Ce processus d’appropriation de l’espace antarctique débuté au xxe siècle participe pleinement de l’histoire des espaces impériaux. La normalisation des prises de possessions coloniales à partir de la fin du xixe siècle, entre les différents acteurs européens, précise souvent la nécessité d’un pouvoir local responsable, ou tout au moins d’une administration rudimentaire. Dans les territoires polaires, inhabités et au climat extrême, la pratique européenne s’est détournée du critère de l’occupation effective, outil de la colonisation, pour chercher d’autres modes d’appropriation. Les Européens connaissent très mal les réalités géographiques des territoires antarctiques et ne fixent leurs frontières qu’en fonction de la longitude et de la latitude. En Antarctique, la découverte et la prise de possession formelle semblent fournir un inchoate title, un titre en voie de formation, qui doit être confirmé par d’autres modes d’appropriation plus généralement reconnus, mais qui peut reposer sur des traces durables ou des cérémonies de prise de possession. De même avec le système des secteurs – jusqu’au pôle – issu des revendications arctiques des États traversés par le cercle polaire, la revendication peut même s’interpréter comme une notification précédent le contrôle – et même souvent la découverte – à partir des côtes et des méridiens tracés entre le pôle et les points extrêmes des territoires. Pour les puissances impériales européennes, dans ces marges glacées, l’Antarctique est alors un laboratoire de légitimité et de souveraineté.

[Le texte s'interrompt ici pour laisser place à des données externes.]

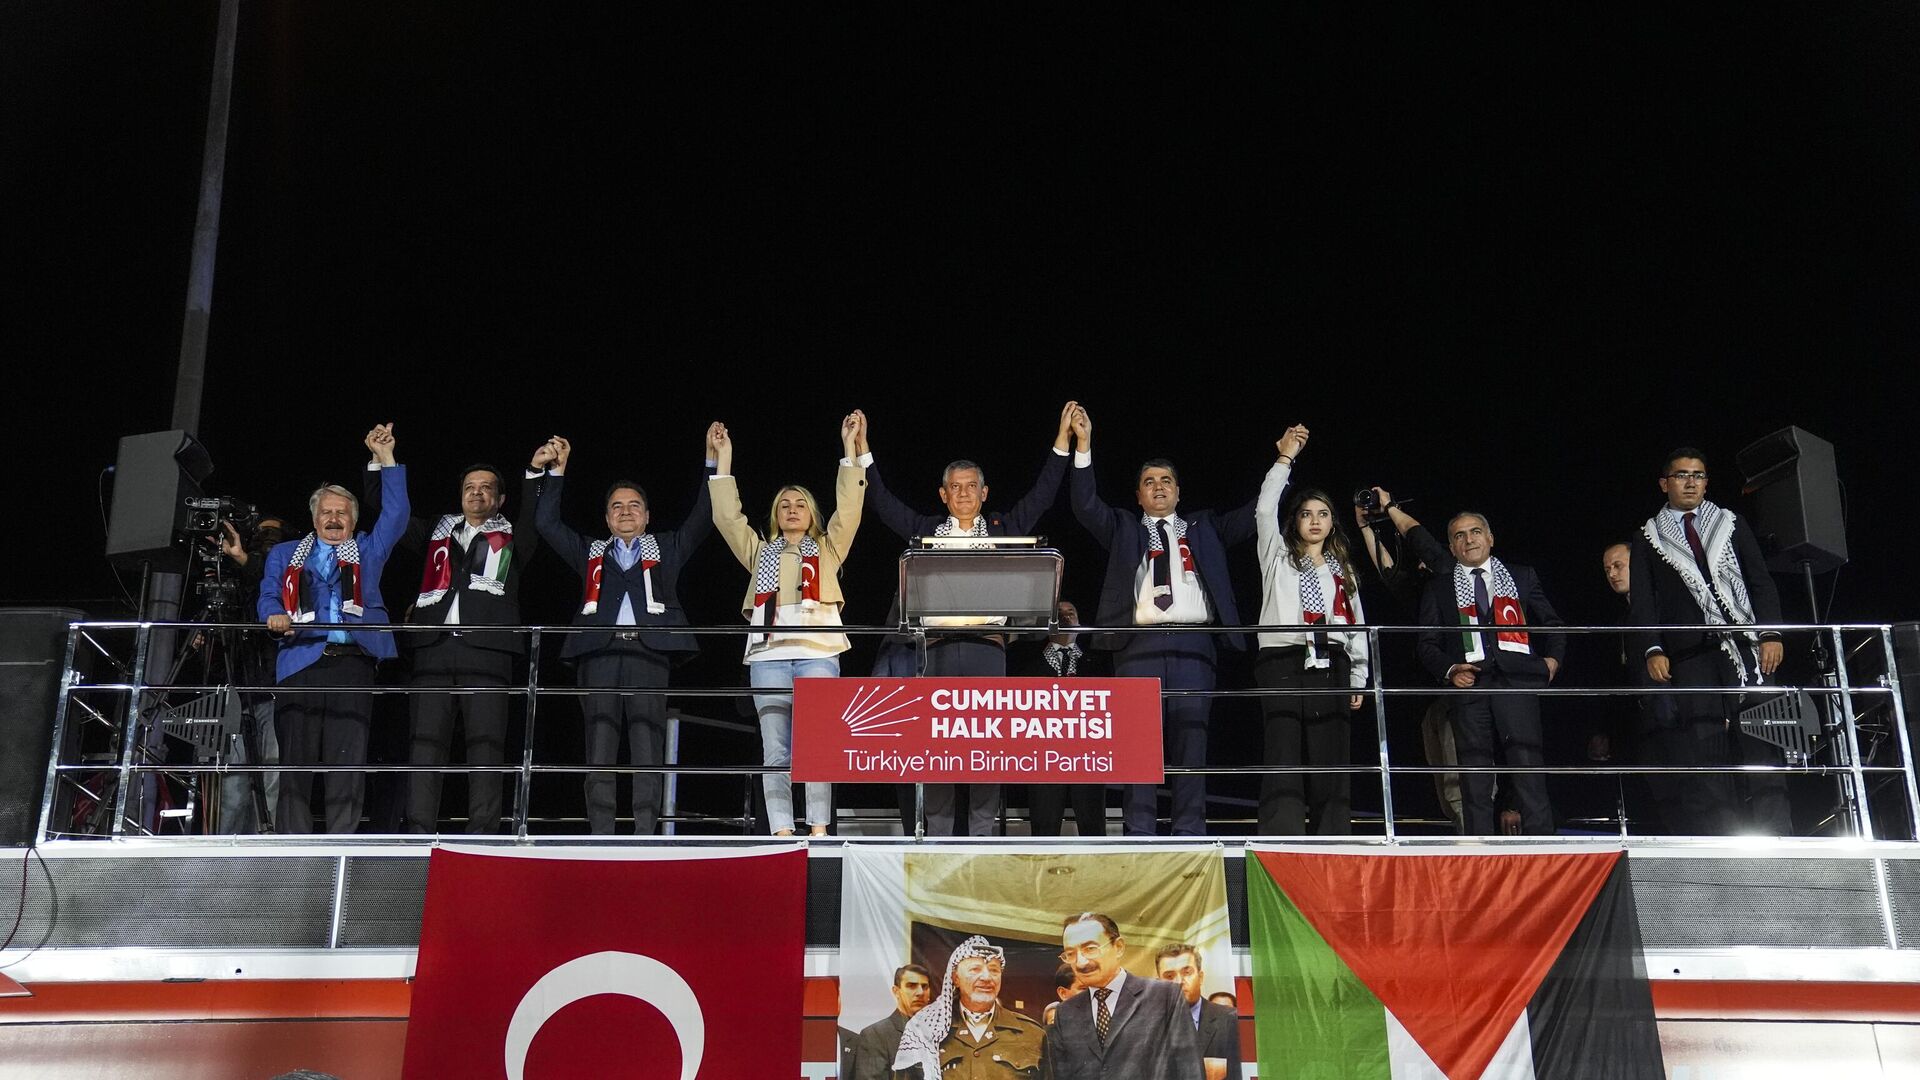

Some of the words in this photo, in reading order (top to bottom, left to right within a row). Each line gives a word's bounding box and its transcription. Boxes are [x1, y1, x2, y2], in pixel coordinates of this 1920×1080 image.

À partir de la Seconde Guerre mondiale, la souveraineté des puissances européennes sur les secteurs antarctiques est remise en question. Les États-Unis lancent également des expéditions en Antarctique, sous la direction du contre-amiral Byrd, mais sans appropriation d’une partie du continent glacé. Dès 1934, les autorités américaines insistent sur le fait que la découverte de terres inconnues, même accompagnée d’une prise de possession, ne donne pas la souveraineté s’il n’y a pas d’occupation effective. De plus, les États-Unis prônent une forme de « doctrine Monroe », condamnation de toute intervention extérieure dans les affaires « des Amériques », dans le prolongement du continent américain, reprise par le Chili et l’Argentine, qui revendiquent tous deux en 1940 des secteurs antarctiques qui empiètent sur le secteur britannique. Ces nouveaux acteurs refusent la légitimité de la découverte ou de l’exploration au profit d’un récit différent qui met les acteurs européens à distance.

Le 1er décembre 1959, le traité de l’Antarctique, qui s’applique aux territoires situés au sud du 60° parallèle sud, est  ratifié par douze États, dont la France, le Royaume-Uni, la Norvège et la Belgique, et s’assure « au nom de toute l’humanité que l’Antarctique continuera  à être employé exclusivement à des fins pacifiques ». Il fait taire provisoirement les revendications territoriales des signataires, sans imposer de renonciation aux droits de souveraineté sur le continent. Signé à Washington, il est un symbole de l’évolution du rapport de force autour du pôle Sud et de l’affaiblissement des principaux acteurs historiques européens, qui s’étaient partagé l’essentiel du continent. L’Australie et la Nouvelle-Zélande ont désormais leurs propres intérêts en Antarctique, et les trois États possessionnés européens revendiquent à peine plus du quart du continent austral.

L’Europe est néanmoins encore présente dans la zone subantarctique, dans divers archipels et zones économiques exclusives environnantes, par exemple, aux Orcades et Shetland du Sud pour le Royaume-Uni, à Bouvet pour la Norvège ou aux Kerguelen et Crozet pour la France. Les États européens ont également été très actifs pour l’adoption du protocole au traité de l’Atlantique (protocole de Madrid) en 1991, qui fait de l’Antarctique une réserve naturelle consacrée à la paix et à la science. Enfin, de nombreuses bases scientifiques en Antarctique appartiennent à des États européens, comme l’Allemagne, la Belgique, la Bulgarie, l’Espagne, la France, la Finlande, l’Italie, la Norvège, le Royaume-Uni, la Suède ou encore l’Ukraine et la Russie.